Eine Ausnahme besteht jedoch dann, wenn mit Sicherheit bekannt ist, dass eine bestimmte Person eine unerlaubte Handlung begehen will und dabei genau den von uns erworbenen Gegenstand verwenden wird. In einem solchen Fall ist es nicht zulässig, ihr diesen Gegenstand zu verkaufen oder zu überlassen. So ist etwa der Verkauf eines Messers grundsätzlich erlaubt; beabsichtigt jedoch jemand ausdrücklich, damit eine Person zu töten, so darf ihm dieses Messer weder verkauft noch ausgehändigt werden.

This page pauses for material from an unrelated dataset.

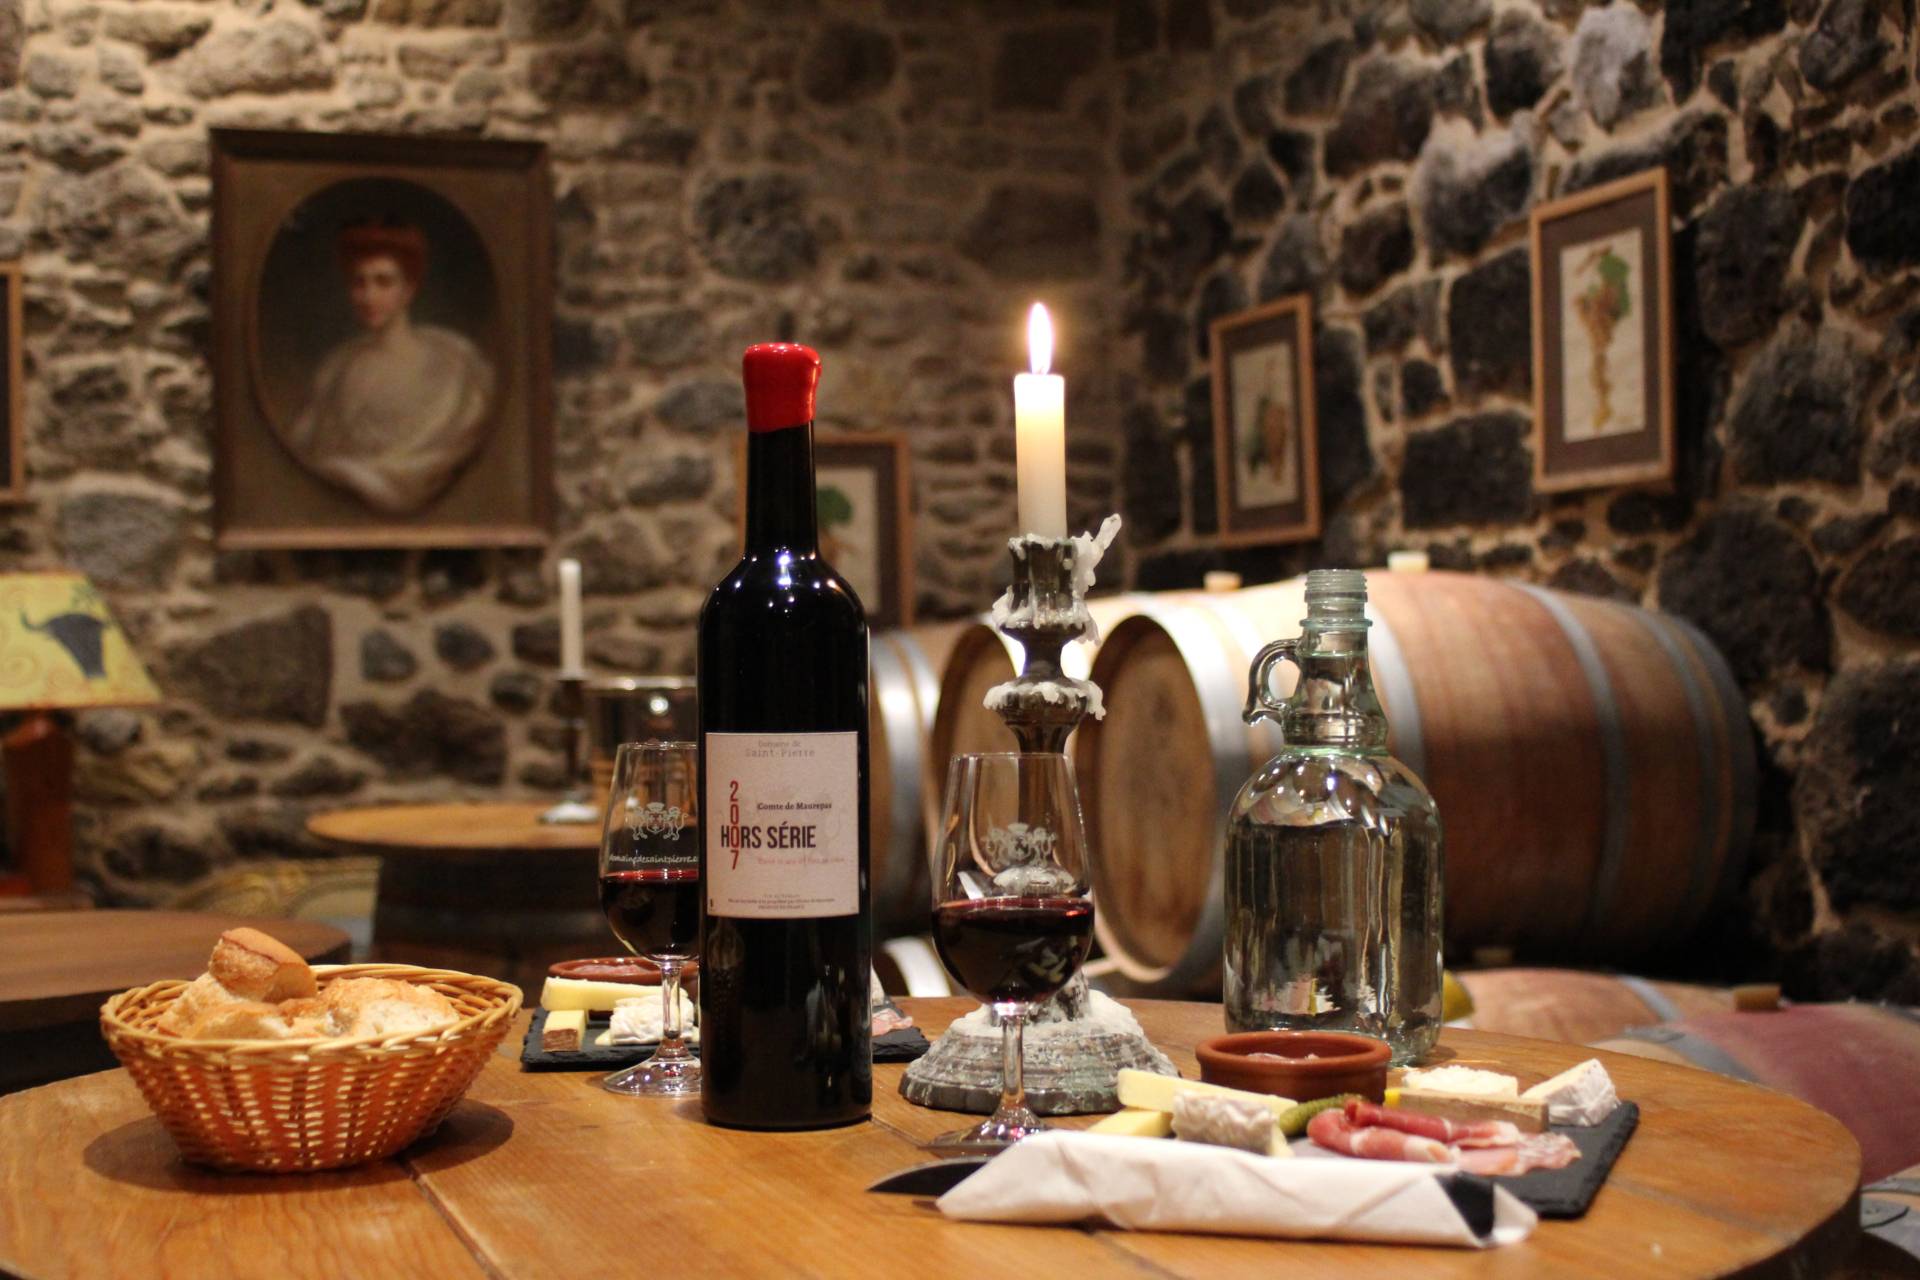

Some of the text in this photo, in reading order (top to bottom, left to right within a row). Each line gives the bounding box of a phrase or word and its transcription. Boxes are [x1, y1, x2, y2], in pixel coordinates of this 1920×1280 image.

[745, 748, 816, 758] Saint-Pierre
[757, 802, 784, 811] Comte
[785, 801, 795, 811] de
[720, 821, 817, 849] HORS SÉRIE

Was geschäftliche Handlungen im Zusammenhang mit religiösen Ritualen anderer Glaubensgemeinschaften betrifft, so hängt deren Zulässigkeit davon ab, ob das betreffende Ritual einen Widerspruch zum islamischen Glauben darstellt. Wenn beispielsweise ein Anlass die Geburt von ʿĪsā (Jesus, Friede sei auf ihm) betrifft, so handelt es sich zwar um eine Feier einer anderen Religion, jedoch enthält dies aus islamischer Sicht keine an sich negative Bedeutung. Muslime feiern kein Weihnachten, da es sich um ein religiöses Fest einer anderen Glaubensgemeinschaft handelt. Sie haben ihre eigenen religiösen Feste und gottesdienstlichen Handlungen, die sie entsprechend begehen. Dennoch ist es unbedenklich, bei solchen Gelegenheiten geschäftliche und zwischenmenschliche Beziehungen zu pflegen.

Wenn der Verkauf in diesem Zusammenhang als zulässig gilt, besteht auch kein Einwand dagegen, von erlaubten (ḥalāl) Speisen und Getränken zu kosten, die den dort Handelnden angeboten werden.